Reasons for non-publication order
The Tribunal is able to act under subsection (1) on the application of a party to the proceeding or on its own initiative. Both parties sought a non-publication order. The Commissioner sought such an order to include the names and any identifying information of the complainant and witnesses listed on page 2 of the report of Dr Susan McCulloch dated 2 May 2008. The Applicant did not oppose this application. The Applicant submitted written reasons in relation to a non-publication order that the decision of the Tribunal be de-identified given that there may be media attention attached to the Tribunal’s decision which may bring unnecessary and harmful attention to the Applicant and his family, and may have an adverse effect on the complainant and her family.
Non-publication in the present circumstance can be justified on the basis that the publication of names and any identifying information of the complainant and witnesses listed on page 2 of the report of Dr Susan McCulloch dated 2 May 2008 relevant to the Applicant may have an adverse effect on the complainant and her family, and bring unnecessary attention to the Applicant’s wife and children.
The Tribunal is satisfied that the publication of the name of the Applicant, the name of the Applicant’s wife and children, the names of the complainant and witnesses as referred to on page 2 in the report of Dr Sue McCulloch dated 2 May 2008, in this decision should be prohibited pursuant to s 66 of the Queensland Civil and Administrative Tribunal Act 2009.
The principles of openness and accountability can still be achieved and maintained through a non-publication order. The public interest is served by permitting the public to access details of the blue card matters, the decisions made by the Tribunal, and the reasoning behind the decisions.
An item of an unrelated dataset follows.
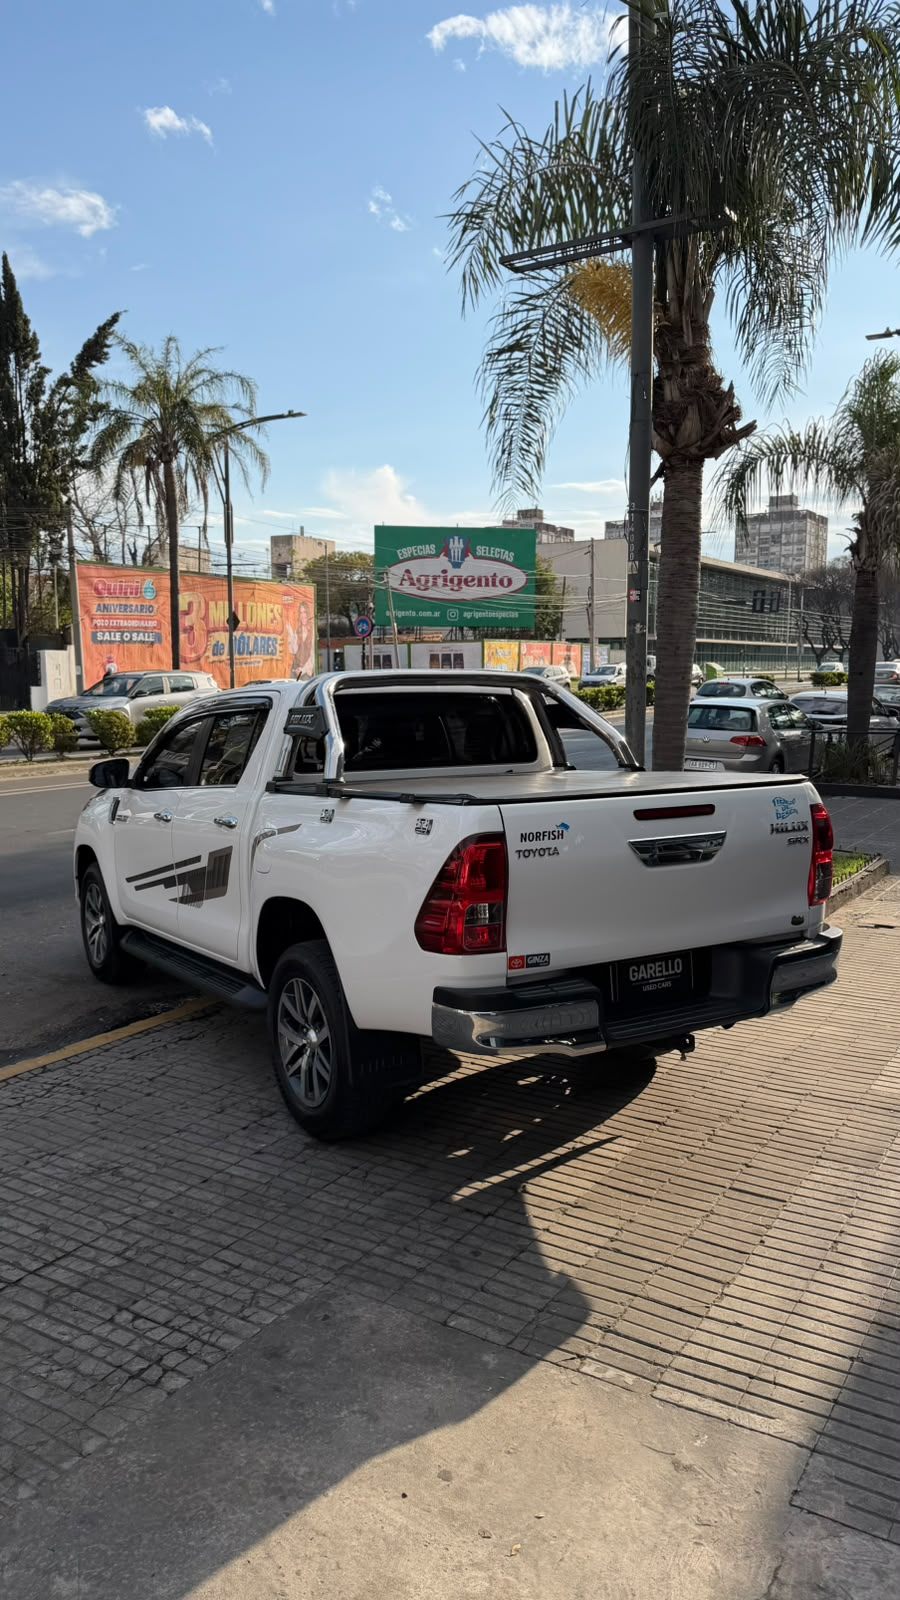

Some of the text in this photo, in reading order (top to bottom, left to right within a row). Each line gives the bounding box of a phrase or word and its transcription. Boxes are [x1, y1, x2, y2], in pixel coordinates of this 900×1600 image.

Pursuant to section 66 of the Queensland Civil and Administrative Tribunal Act 2009, the Tribunal prohibits the publication of name of the Applicant, the name of the Applicant’s wife and children, and the names of the complainant and witnesses as referred to on page 2 in the report of Dr Sue McCulloch dated 2 May 2008 in this decision. The publication of this decision and the reasons will occur, albeit de-identified.